The Open Banking review provides an important background to the accreditation process, in which it is desired to achieve a balance between conservative safeguards and a level of tiered-risk pragmatism to avoid “unnecessary barriers to entry and innovation” . The desired balance is justified to adhere to the key goal of Open Banking in improving competition in the industry. This is encouraging for emerging neobanks and for the FinTech industry.
The ACCC is the only Data Recipient Accreditor and as such can grant, suspend and revoke accreditations. The ACCC will manage an official Register of accredited Data Recipients.
In Australia, there is only one general tier of Data Recipient accreditation envisaged so far. However, the ACCC hints a desire to later accommodate lower tiers that would restrict the data in scope of sharing.
According to the CDR Rules Framework, ADIs receive automatic accreditation when applying, except for ADIs that are restricted or providers of purchased payment services.
Candidate non-ADIs, and ADIs excluded from streamlined accreditation, must satisfy the following requirements (my cut):
- Be a “‘fit and proper’ person to receive CDR data”, which would be primarily assessed against criminal, managerial, bankruptcy and insolvency history;
- Be legally operating in Australia (foreign companies must have a local liable agent).
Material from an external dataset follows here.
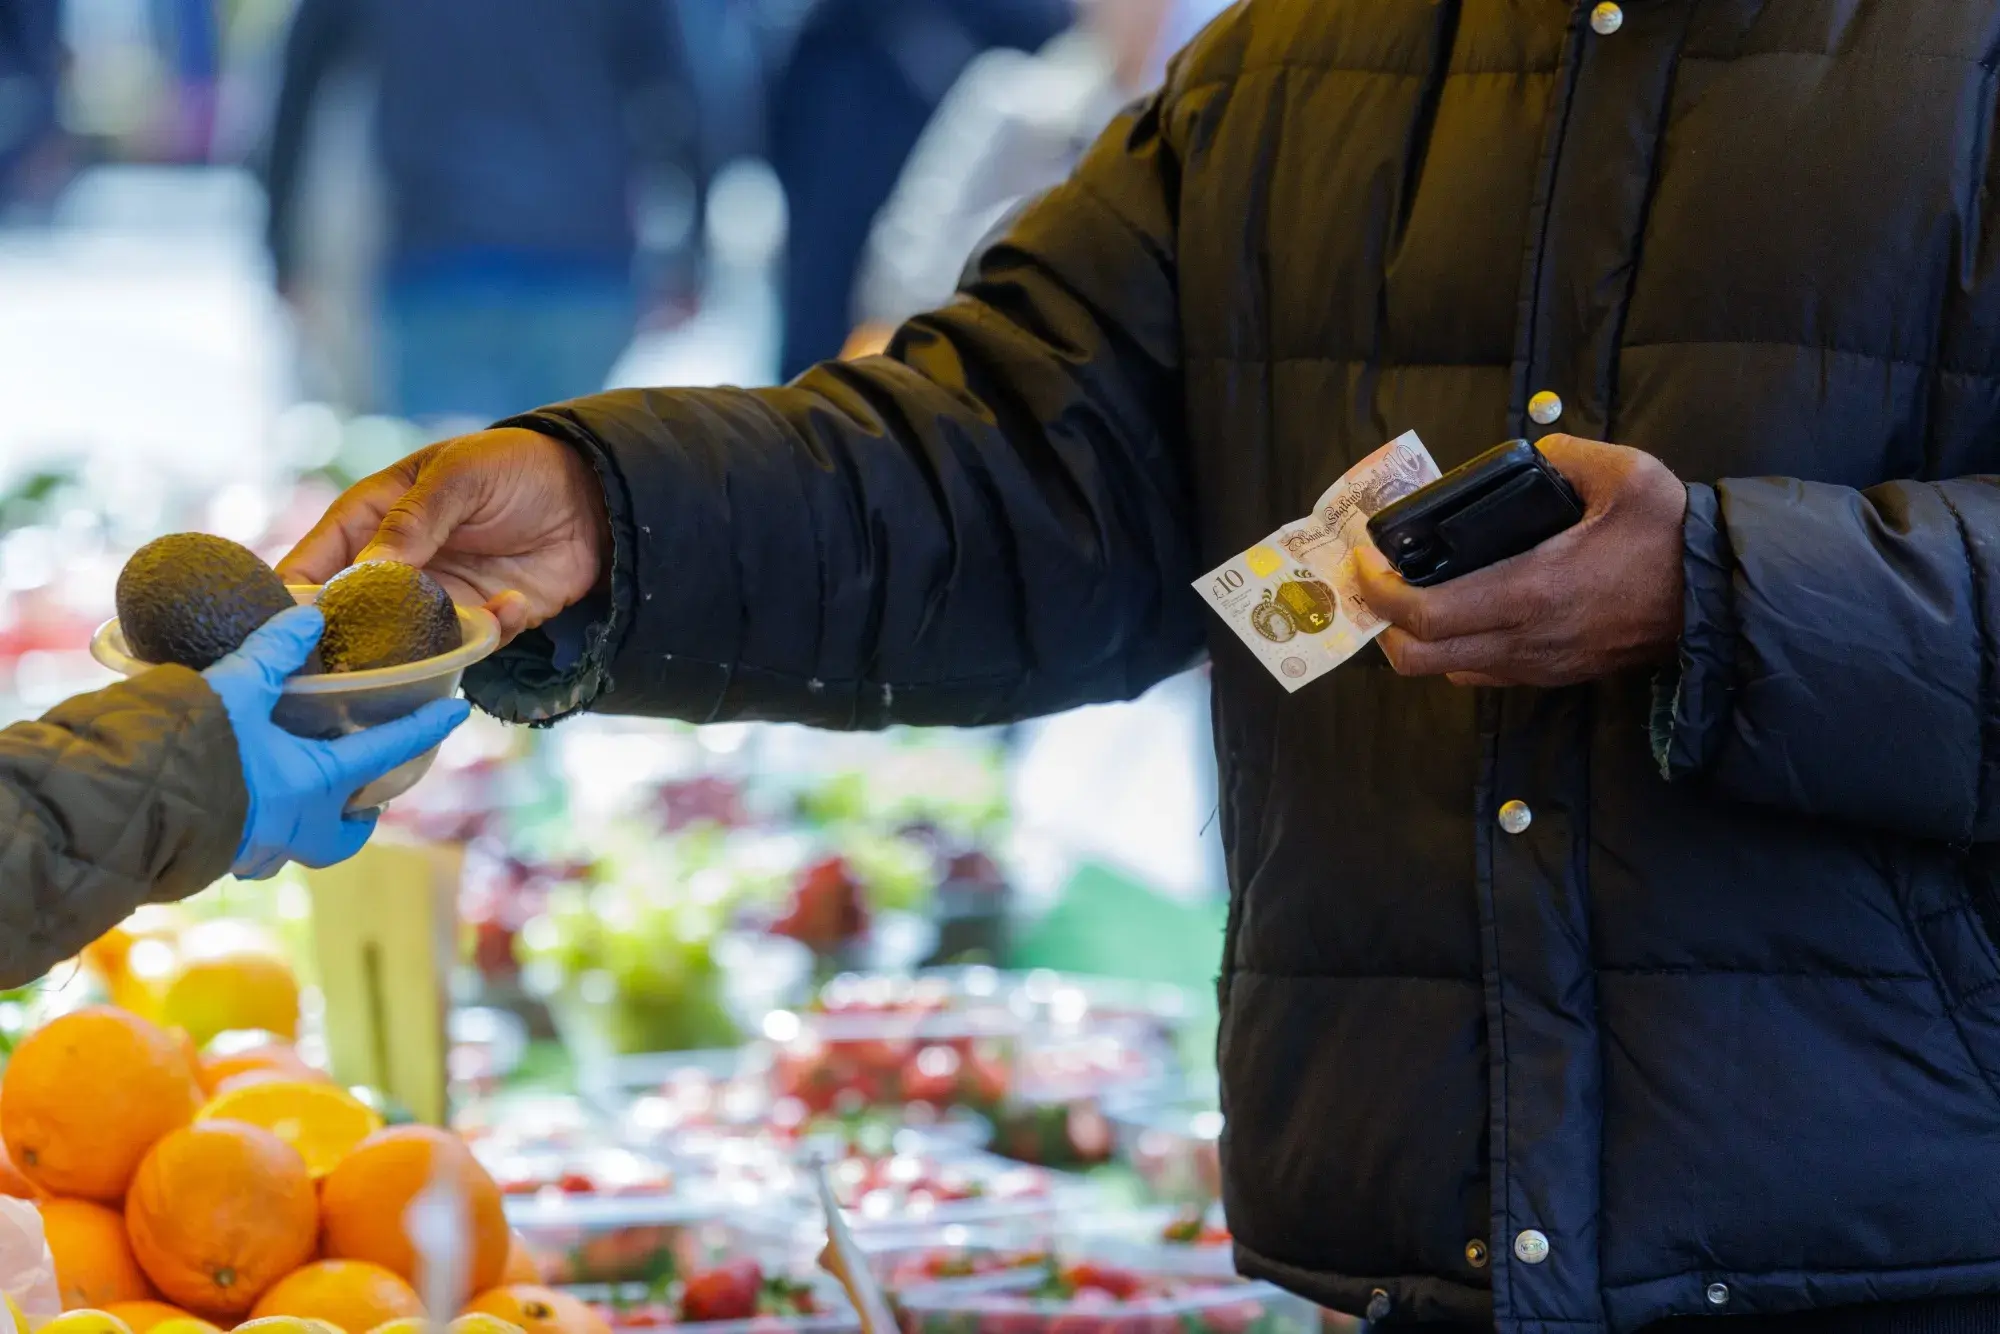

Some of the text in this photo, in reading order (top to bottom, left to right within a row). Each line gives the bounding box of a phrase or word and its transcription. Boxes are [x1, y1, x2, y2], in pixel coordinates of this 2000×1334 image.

[1281, 526, 1325, 552] Bank
[1324, 483, 1364, 527] England
[1212, 569, 1245, 600] £10
This is important as UK OpenBanking accredited organisations will not be recognised in Australia, at least in a first version of Open Banking in Australia;
- Have appropriate and proportionate systems, resources and procedures in place to comply with the legislation, the rules and the standards including in relation to information security. The requirement includes complying with the ACCC rules to protect CDR data from misuse, interference, loss or unauthorised access, modification and disclosure. The requirement also includes having appropriate plans and processes in place for managing risk when entering into an outsourcing arrangement involving the disclosure of CDR data;
- Have appropriate dispute resolution processes; and
- Hold appropriate insurance.
With regards to information security risk management, candidate Data Recipients must provide evidence of:
- Effective procedures to identify, manage and monitor any risks to which it might be exposed with respect to CDR data;
- Adequate procedures and processes to comply with the privacy safeguards;
- Procedures for monitoring, handling, and following up security incidents and security-related customer complaints;
- Measures and tools for the prevention of fraud and illegal use of CDR data; and
- Descriptions of security control and mitigation measures and procedures for the mandatory reporting of incidents, and notification processes to consumers in the event of a security incident.
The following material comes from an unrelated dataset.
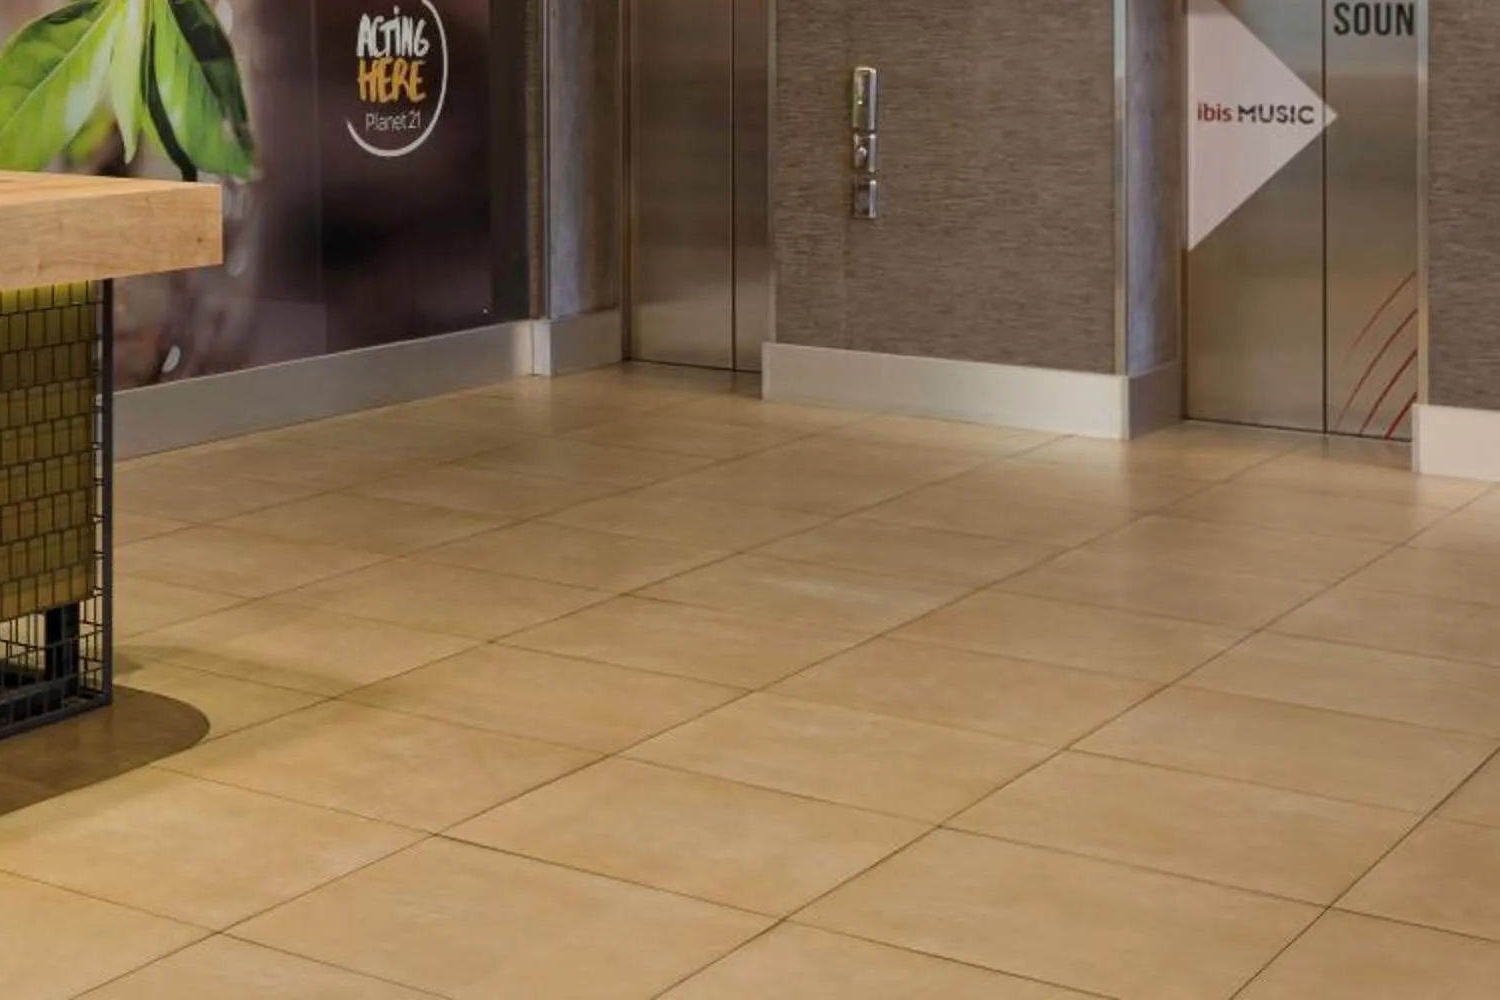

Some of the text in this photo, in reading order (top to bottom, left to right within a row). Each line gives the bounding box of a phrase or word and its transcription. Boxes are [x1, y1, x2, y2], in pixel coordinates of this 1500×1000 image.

The ACCC does not intend to prescribe technical information security guidelines, but refers to:
- The Australian Privacy Act;
- The OAIC’s Information Security Guidelines, including by requiring appropriate systems and procedures in relation to information security, data breaches, physical security, workplace policies, and regular monitoring and review; and
- APRA’s Information Security Prudential Standard (officially commencing on 1 July 2019) for ADIs.
Non-ADIs are then primarily referred to the OAIC’s Information Security Guidelines.